Tommasi-Crudeli married Bianca Fortini (who died at the time of Palermo cholera outbreak), but they had no children. He remarried Sophia Ingham-Whitaker, who predeceased him just before his own death.

== Honours and recognitions ==

Tommasi-Crudeli was decorated with Silver Medal of Military Valour for his service in the Italian Army. He was appointed Director of The Courier Sicilian during 1868 to 1869. He was elected Member of the Society of Medical Physics of Florence in 1862, Extraordinary member of the Higher Council of Education (during 1871 to 1873, and 1874 to 1881), National member of the Accademia dei Lincei on 2 January 1874. He became Member of the Higher Council of Education between 1893 and 1897, and between 1898 and 1900. He was founder of several hospitals in Palermo, the Hospital of Alcamo, Villa Sofia, dell'Istituto fisiopatologico di Spirito (Institute of Pathophysiology of the Holy Spirit in 1871), and the Institute of Experimental Hygiene at University of Rome (in 1883). He was Director of the Institute of Experimental Hygiene, University of Rome from 1883 to 1886. But the institute was officially inaugurated only in 1885 when a separate building was opened at Viminale Square. He was conferred Knight of the Order of Savoy Civil on 20 February 1898.

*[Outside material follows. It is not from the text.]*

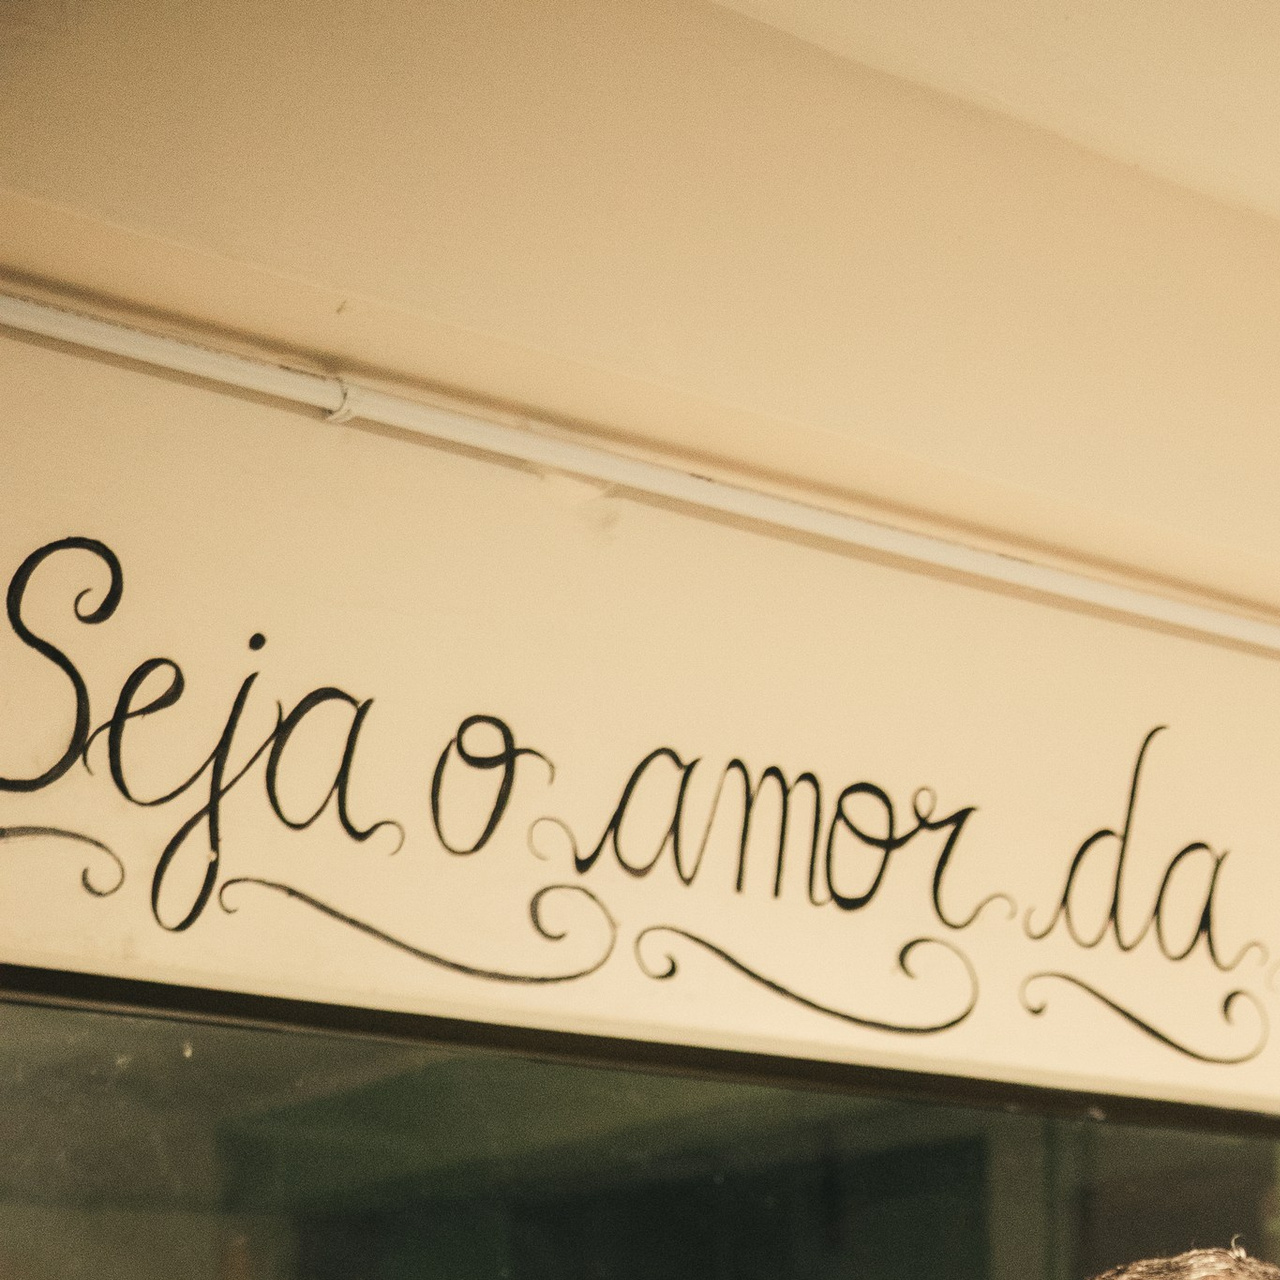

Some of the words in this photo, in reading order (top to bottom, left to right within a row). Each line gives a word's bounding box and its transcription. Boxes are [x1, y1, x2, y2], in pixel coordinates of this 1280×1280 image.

== Bacillus theory of malaria ==

Tommasi-Crudeli, along with German pathologist Edwin Klebs, made several discoveries that bacteria caused diseases such as typhoid and diphtheria. They discovered a new bacterium from mud and waters in 1879. This was the period of intense research for discovery of the causative agent and transmission of malaria. They found the short rod-shaped bacillus while investigating Roman Campagna. They believed that the bacteria was the pathogen for malaria as they discovered from damp soil in the region of malaria epidemics. They further claimed that through experimental injection in rabbits, the bacterium produced symptoms of malaria such as enlargement of spleen and fever. They theorised that malaria was spread by drinking bacteria-contaminated water or inhalation from air. They even gave the scientific name Bacillus malariae. Klebs reported that antimalarial drug quinine killed the germ. The discovery was supported by leading malariologists of the time. When the news spread, it was declared that the malaria problem was solved. But an American physician George Miller Sternberg proved that the bacillus did not cause specific symptoms of malaria in 1881. The bacillus theory was eventually proved wrong by the experimental demonstration of the mosquito-malaria theory in 1898.